第51話
ゾクリ、と。
馬車の中でその雄叫びを聞いたイオは背筋が冷たくなって動きを止める。
それはイオだけではなく、馬車に乗っている他の面々も多かれ少なかれ同様だった。
馬車を牽く馬はそんな中でも走っていたが、それは聞こえてきた雄叫びの主から少しでも早く離れる為に走っているかのような、半ば暴走に近い走り。
何かがいる。
それは餓狼の牙が喰い殺されていたことで分かってはいたものの、それでも雄叫びだけでここまで相手を怯えさせるような存在であるとは、この場にいる誰もが全く想像出来なかっただろう。

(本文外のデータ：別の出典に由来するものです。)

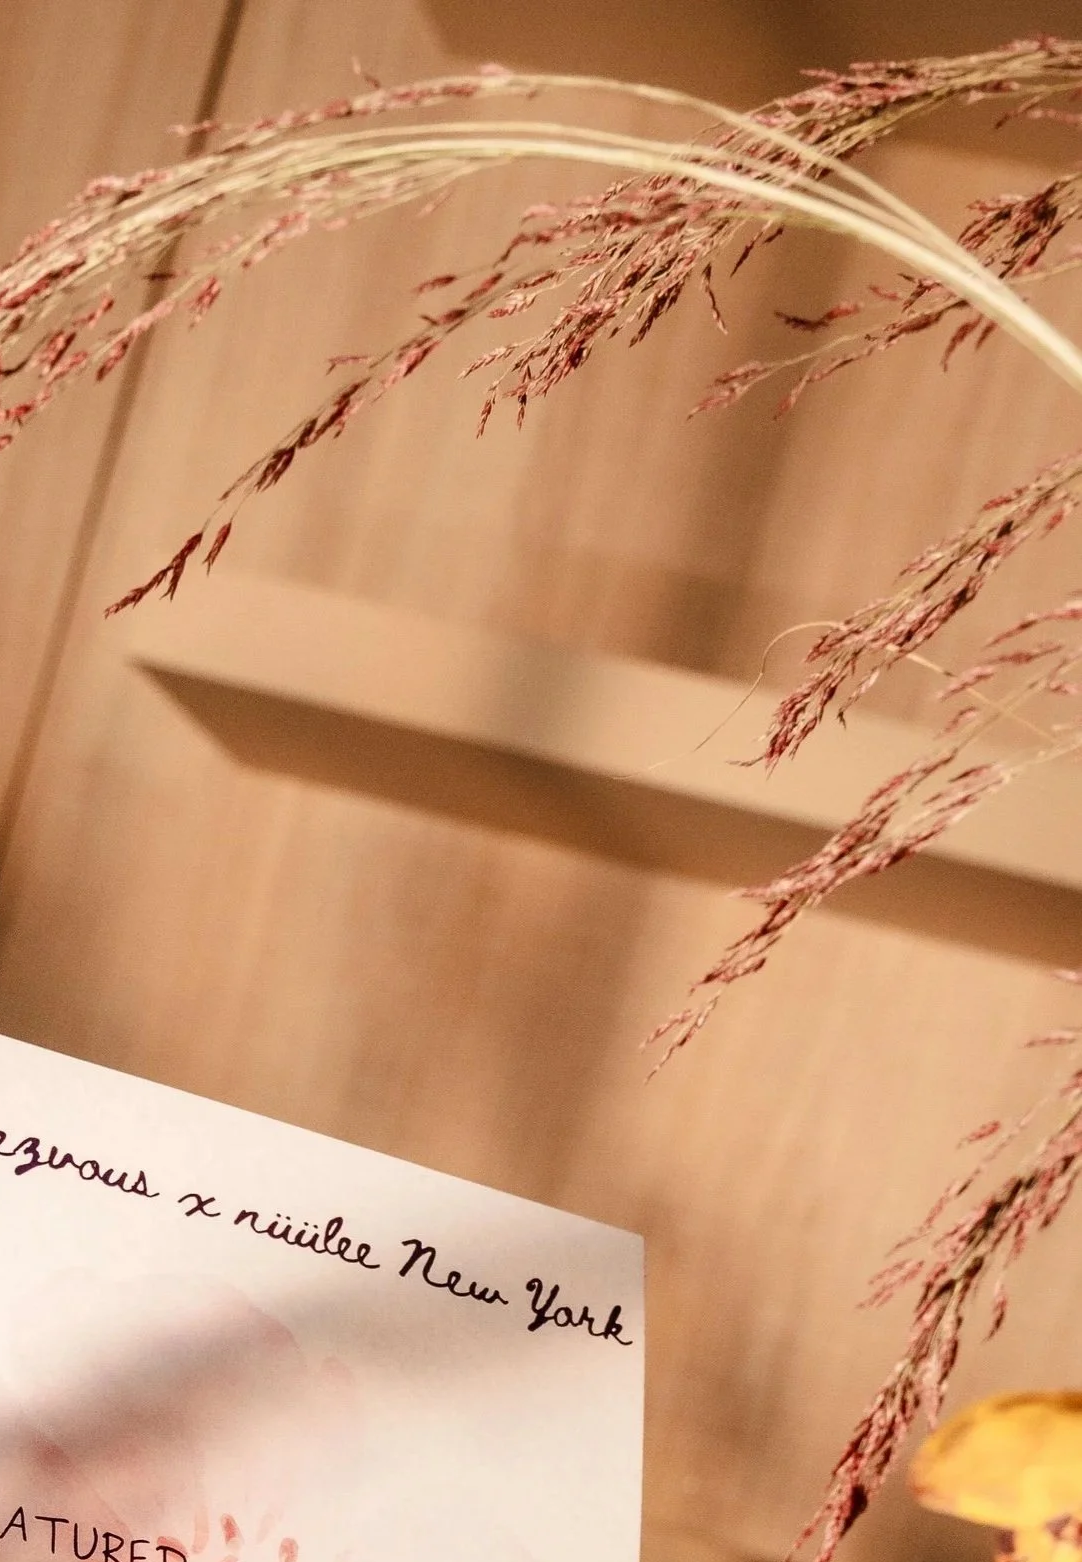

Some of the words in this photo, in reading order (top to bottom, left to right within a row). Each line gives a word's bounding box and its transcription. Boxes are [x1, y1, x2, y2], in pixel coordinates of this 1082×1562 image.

[177, 1192, 221, 1218] x
[233, 1208, 381, 1270] nüülee
[399, 1238, 508, 1306] New
[526, 1277, 635, 1347] York
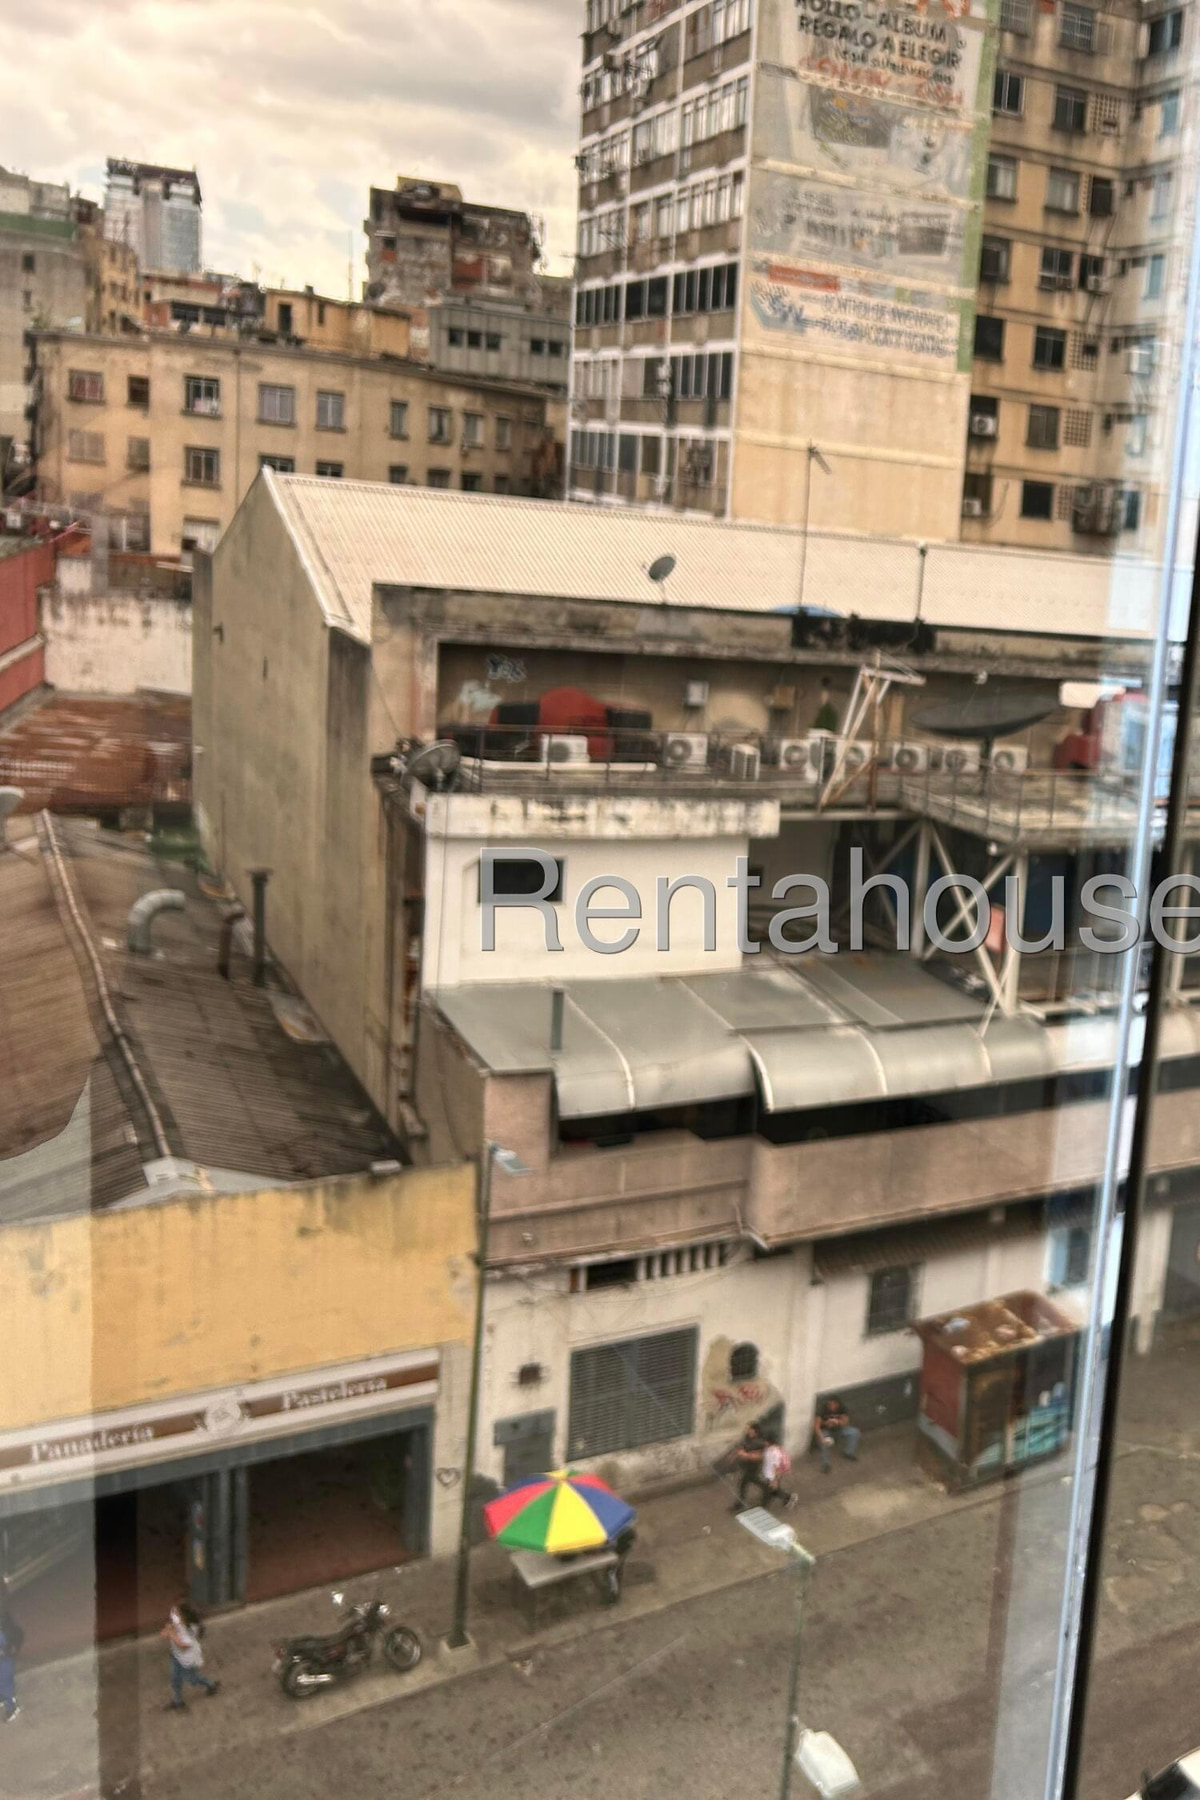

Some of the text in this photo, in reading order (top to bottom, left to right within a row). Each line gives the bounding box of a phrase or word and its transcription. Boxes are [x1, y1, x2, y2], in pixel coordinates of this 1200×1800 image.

[797, 14, 877, 48] REGALO
[881, 35, 895, 53] A
[899, 39, 962, 70] ELEGIR

それでもこうして逃げていればと、そう思っていたのだが……そんな中で、ふと一人が口を開く。
「嘘……だろ……」
決して大きくない声。
だというのに、不思議なくらいにイオを含めて馬車に乗っている者の耳にはその声が聞こえてきた。
幸か不幸か、そんな声が聞こえたからこそ不思議と動かなかった身体も多少ではあるが動くようになる。
だが……それは決して幸福なことだけではない。
何故なら、声を発した者の視線の先を……山の木々をへし折りながら姿を現した存在を、その目で直接見ることになってしまったのだから。
「グガアアアア、グモオオオオオオオオオオオオオ!」
何だ、あれは。
それがイオの正直な感想だった。
四足の獣……どことなく牛をベースにしたモンスターのようにも思えるが、その木々よりも高い全高を持つその巨大さは、とてもではないが牛には見えない。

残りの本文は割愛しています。